This is a tangent, but might be important.
or a non-EUM with legible goals (like a risk-averse money-maximizer)
Our prototypical examples of risk-averse money-maximizers are EUMs. In particular, the Kelly bettor is probably the most central example: it maximizes expected log wealth (i.e. log future money). The concavity of the logarithm makes it risk averse: a Kelly bettor will always take a sure payoff over an uncertain outcome with the same expected payoff.
I bring this up mainly because the wording makes it sound like you’re under the impression that being an EUM is inconsistent with being a risk-averse money-maximizer, in which case you probably have an incorrect understanding of the level of generality of (nontrivial) expected utility maximization, and should probably update toward EUMs being a better model of real agents more often than you previously thought.

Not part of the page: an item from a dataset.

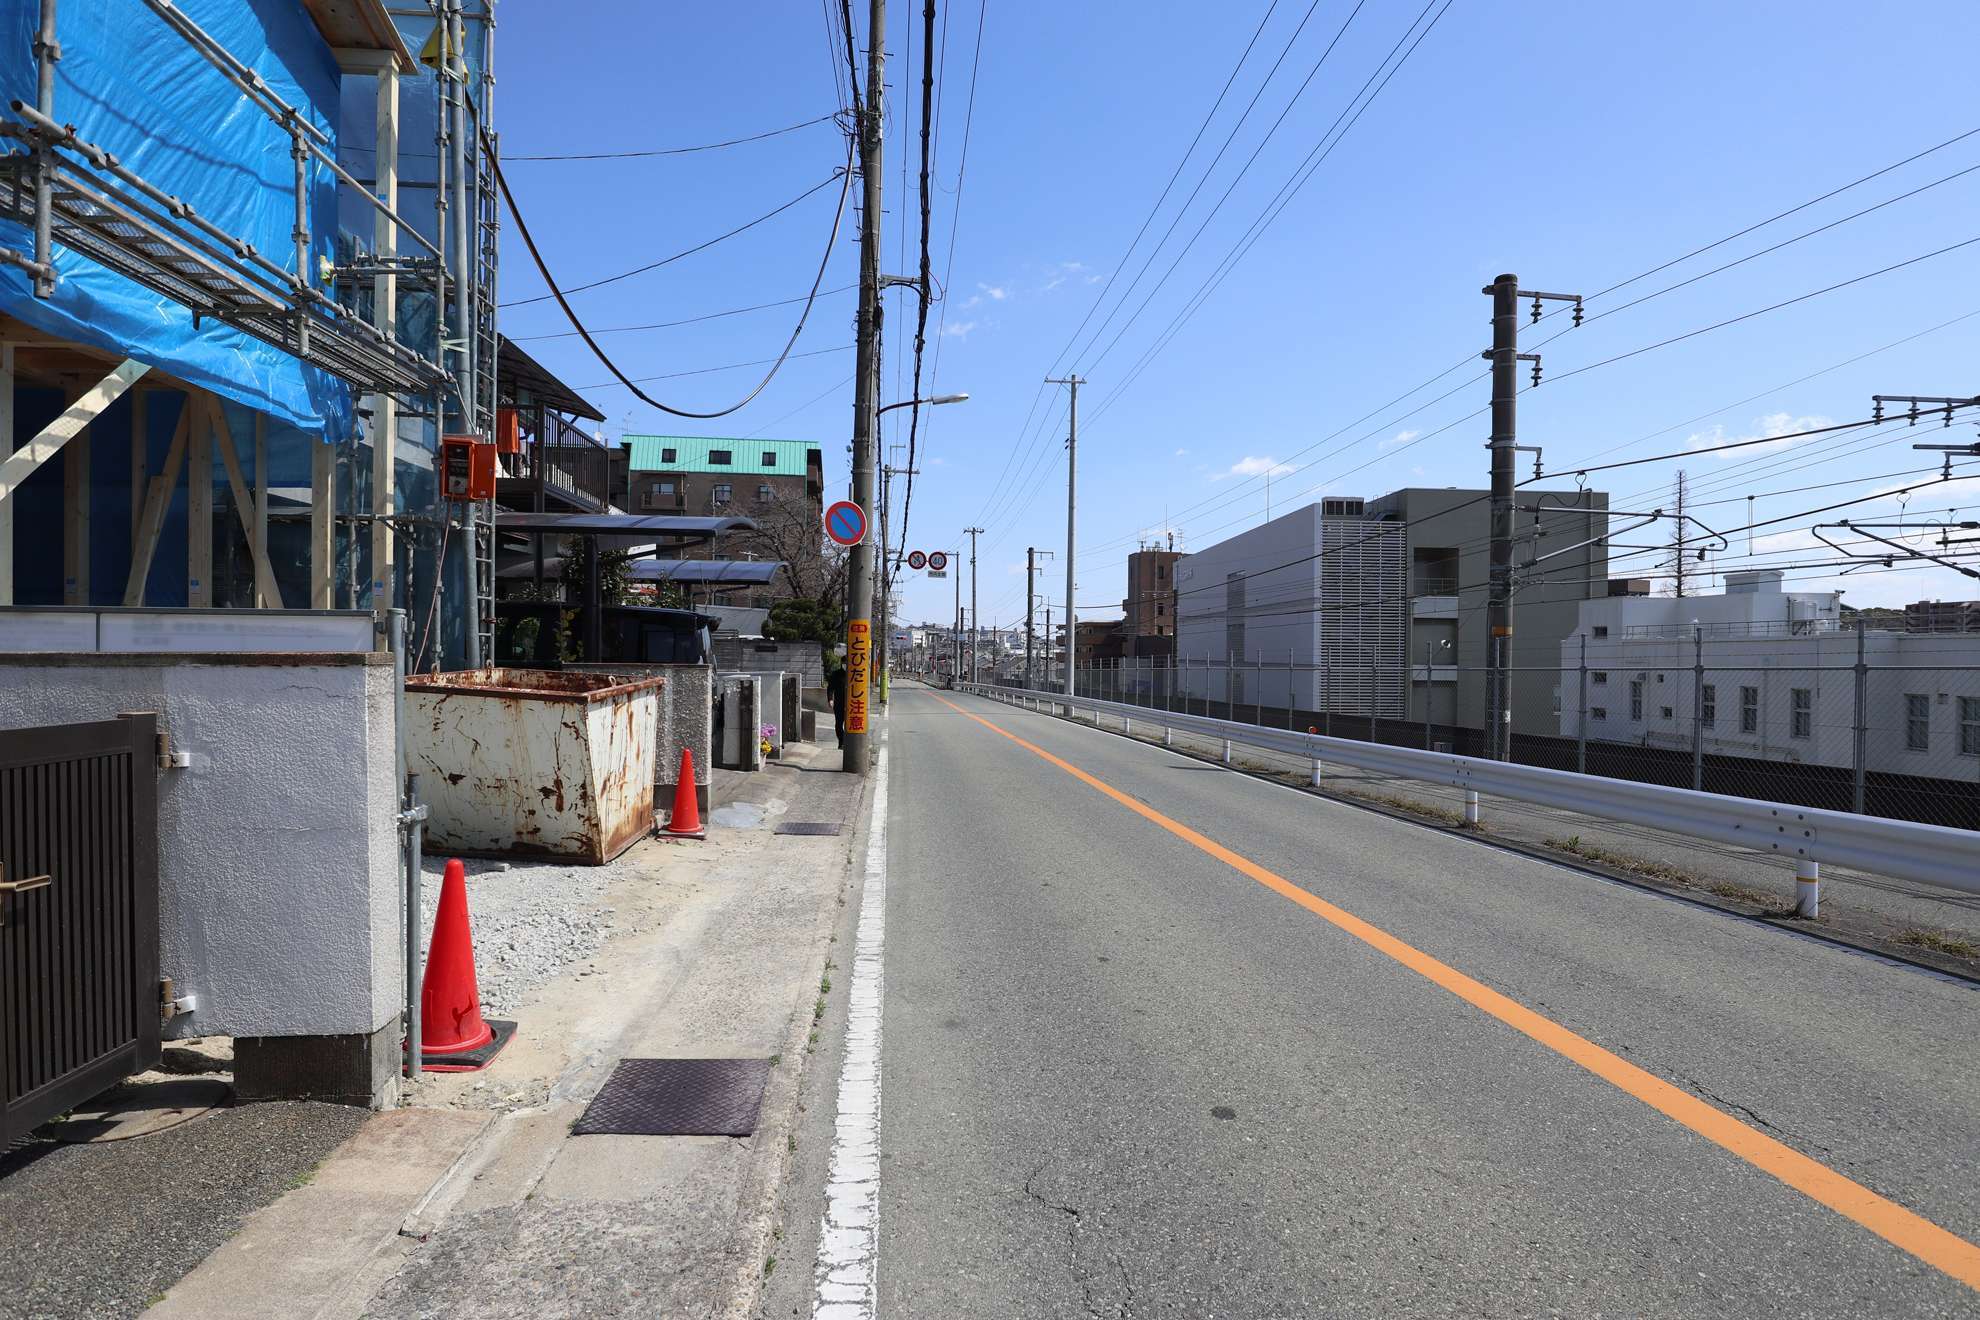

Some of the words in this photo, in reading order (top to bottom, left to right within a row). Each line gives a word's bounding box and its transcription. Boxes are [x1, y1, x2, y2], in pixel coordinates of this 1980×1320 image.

[932, 556, 943, 566] 40
[849, 636, 866, 731] とびだし注意

Note that the same mistake, but with convexity in the other direction, also shows up in the OP:
An EUM can totally prefer a probabilistic mixture of two options to either option individually; this happens whenever utility is convex with respect to resources (e.g. money). For instance, suppose an agent’s utility is u(money) = money^2. I offer this agent a $1 bet on a fair coinflip at even odds, i.e. it gets $0 if it loses and $2 if it wins. The agent takes the bet: the bet offers u = 0.5*0^2 + 0.5*2^2 = 2, while the baseline offers a certainty of $1 which has u = 1.0*1^2 = 1.